Listen to the full podcast on Spotify:

 

Discover fresh perspectives and research insights from LBS

The third season of The Why Podcast started as a series of conversations about work, technology, leadership, and inequality. Though our ten faculty discussed different subject matters, by the end of the season an interesting pattern emerged which showed that while modern systems are becoming more sophisticated, our understanding of human complexity often remains surprisingly narrow.

What made this season compelling was not simply the range of expertise on display, but the way each conversation challenged simplified narratives about modern life.

The discussions around AI offered one of the clearest examples. Rather than treating AI as a story about replacement, guests including Sir Andrew Likierman and Nigel Nicholson focused on what remains distinctly human. Andrew argued that judgement is not reducible to data processing, but rather is shaped by emotion, ambiguity, and lived experience. Nigel extended that idea further, suggesting that every individual inhabits their own constructed world that no algorithm can fully replicate. Isabel Fernandez-Mateo then grounded those ideas in organisational reality, showing both the promise and the limitations AI in hiring systems. All of these conversations shifted the AI debate away from capability and toward a deeper question about the value of human interpretation.
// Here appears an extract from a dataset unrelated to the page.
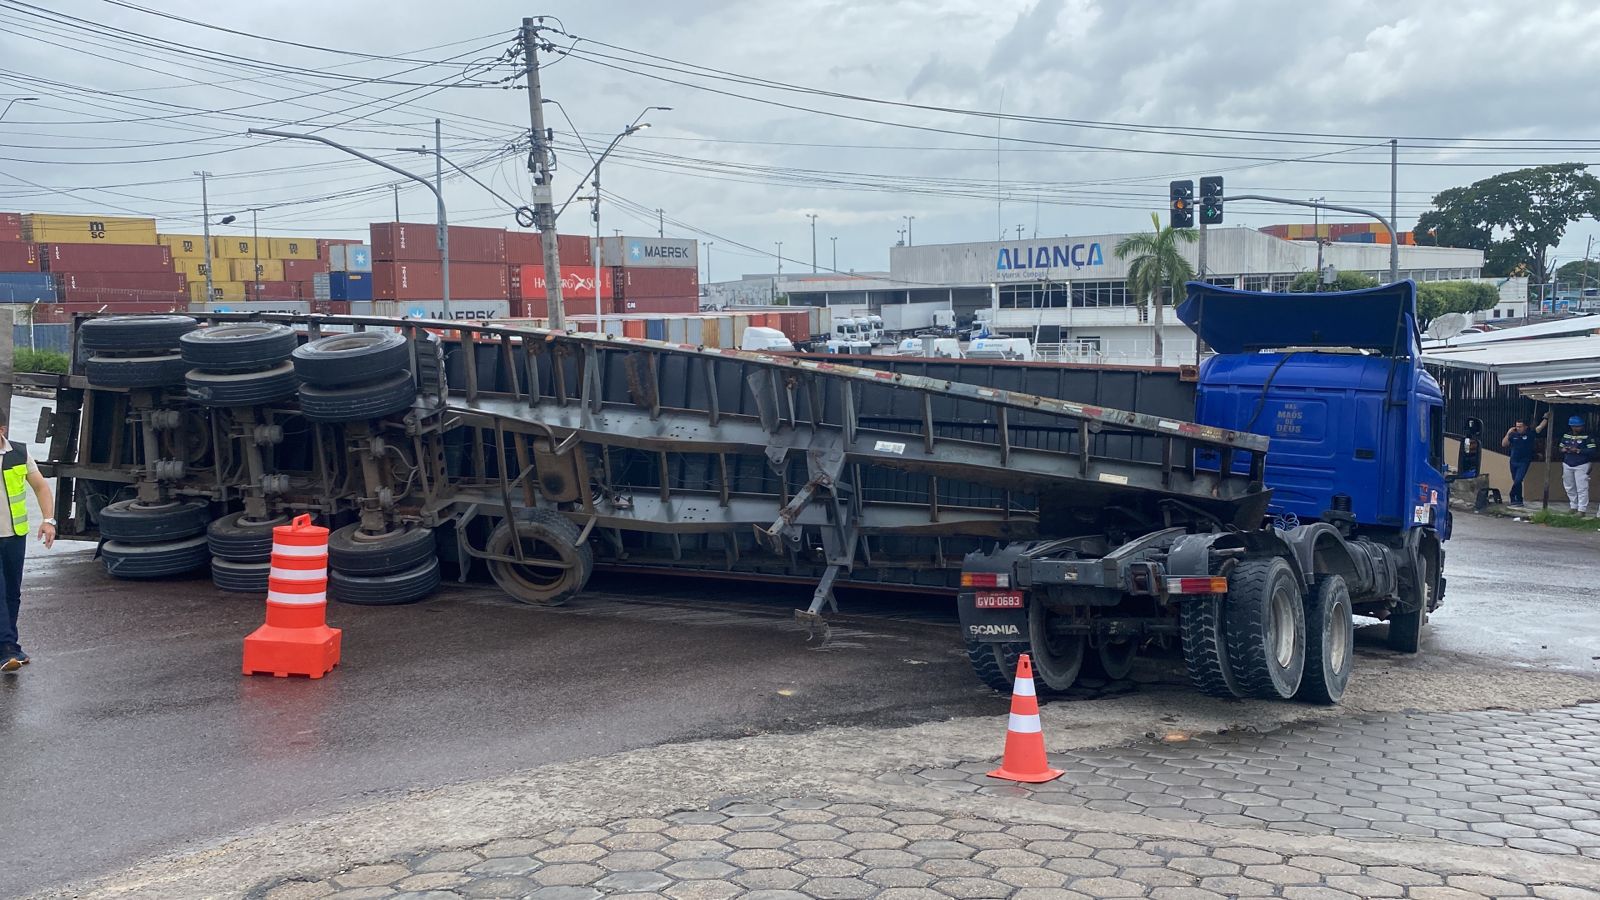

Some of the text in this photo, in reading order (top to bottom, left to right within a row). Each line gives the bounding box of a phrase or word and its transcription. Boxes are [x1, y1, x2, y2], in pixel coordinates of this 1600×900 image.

A second theme emerged around the future of work, though not in the familiar language of productivity trends or return-to-office policies. Instead, the theme explored how organisations are designed and who they are really designed for. Lynda Gratton’s work on highly skilled freelancers highlighted a growing mismatch between institutional expectations and individual priorities. Freelancers enjoy autonomy over when and where they work, and they want a sense of agency but also need to be able to manage themselves, understand their skills and see how freelancing can be part of their career trajectory, she explained.

 

Discover fresh perspectives and research insights from LBS

"One question kept popping up: how do organisations create systems that recognise people as more than units of output?"

Bukky Oyedeji’s research revealed that physical workspaces are not neutral environments, but signals of culture, identity, and belonging. Ambience directly influences employee wellbeing, and through wellbeing, the productivity and performance of the firm, her research shows. Jean-Pierre Benoît’s work on burnout exposed the uncomfortable reality that many organisations incentivise behaviours they later claim to discourage. Across all three conversations, one question kept popping up: how do organisations create systems that recognise people as more than units of output?
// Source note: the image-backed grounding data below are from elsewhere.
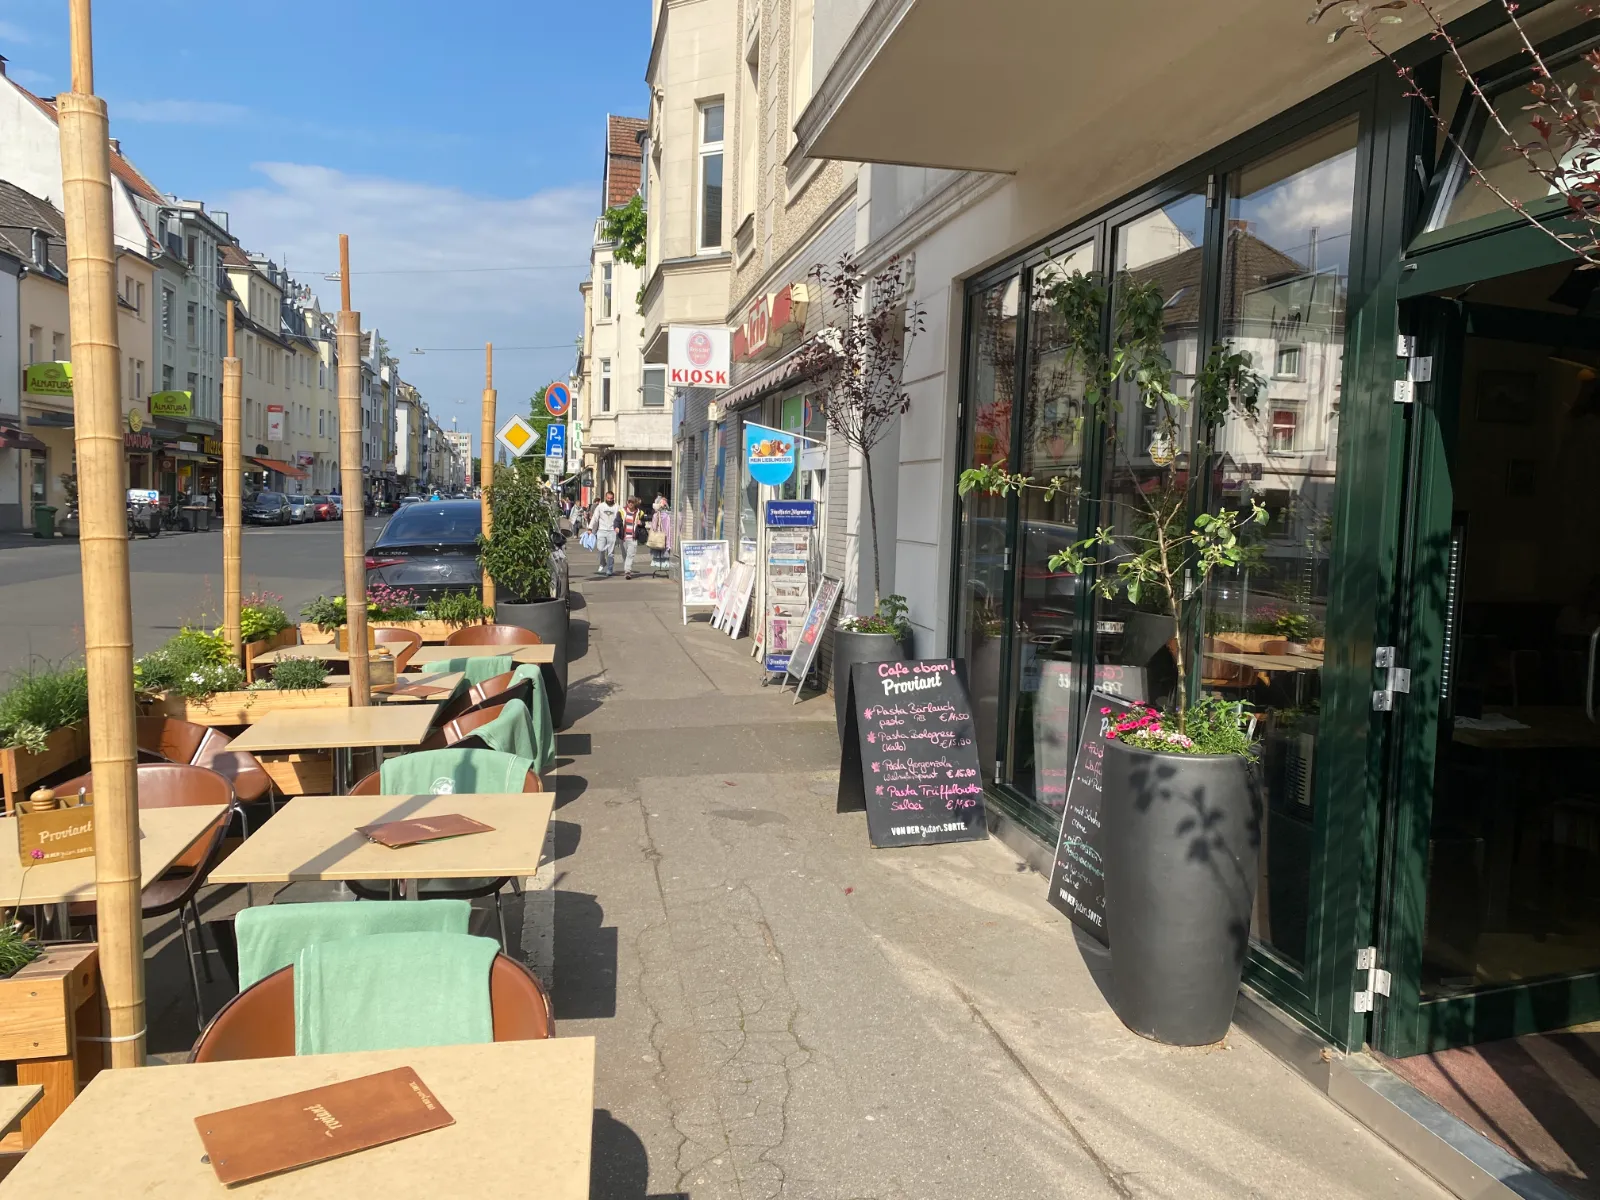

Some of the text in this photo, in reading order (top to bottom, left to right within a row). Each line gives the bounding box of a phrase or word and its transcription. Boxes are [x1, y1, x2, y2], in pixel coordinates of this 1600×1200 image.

[31, 378, 73, 389] ALNATURA
[671, 368, 727, 384] KIOSK
[153, 402, 187, 412] ALNATURA
[549, 426, 558, 440] P
[574, 423, 582, 449] BIO
[878, 662, 909, 678] Cafe
[881, 672, 943, 696] Proviant
[873, 701, 956, 716] Pasta Bärlauch
[879, 715, 905, 729] pesto
[878, 728, 956, 744] Pasta Bolognese
[882, 756, 953, 773] Pasta Gorgonzola
[887, 784, 917, 797] Pasta
[891, 799, 924, 811] Salbei
[38, 820, 93, 844] Proviant
[891, 826, 906, 836] VON
[906, 825, 920, 835] DER
[920, 824, 943, 838] guten
[302, 1103, 343, 1138] Proviant
Francisco Gomes’ episode on student debt explored how financial systems shape life choices long before people reach economic stability. Francisco argued that student loan repayment schedules place the greatest pressure on graduates exactly when they can least afford it, during the uncertain early years of adulthood, when incomes are low and it’s hard to save. His research presents a very simple solution that by delaying repayments, rather than reducing them, would allow young adults to build savings, make better career decisions, and reduce long-term financial risk without increasing costs to taxpayers.

Questions of equality and representation formed the third major thread running through the season. Rachel Flam showed how workforce data can expose inequalities that organisations may prefer remain hidden. Her research uncovers how racial minorities lose ground at middle‑management level, highlighting structural barriers that generic industry or regional data could never fully explain.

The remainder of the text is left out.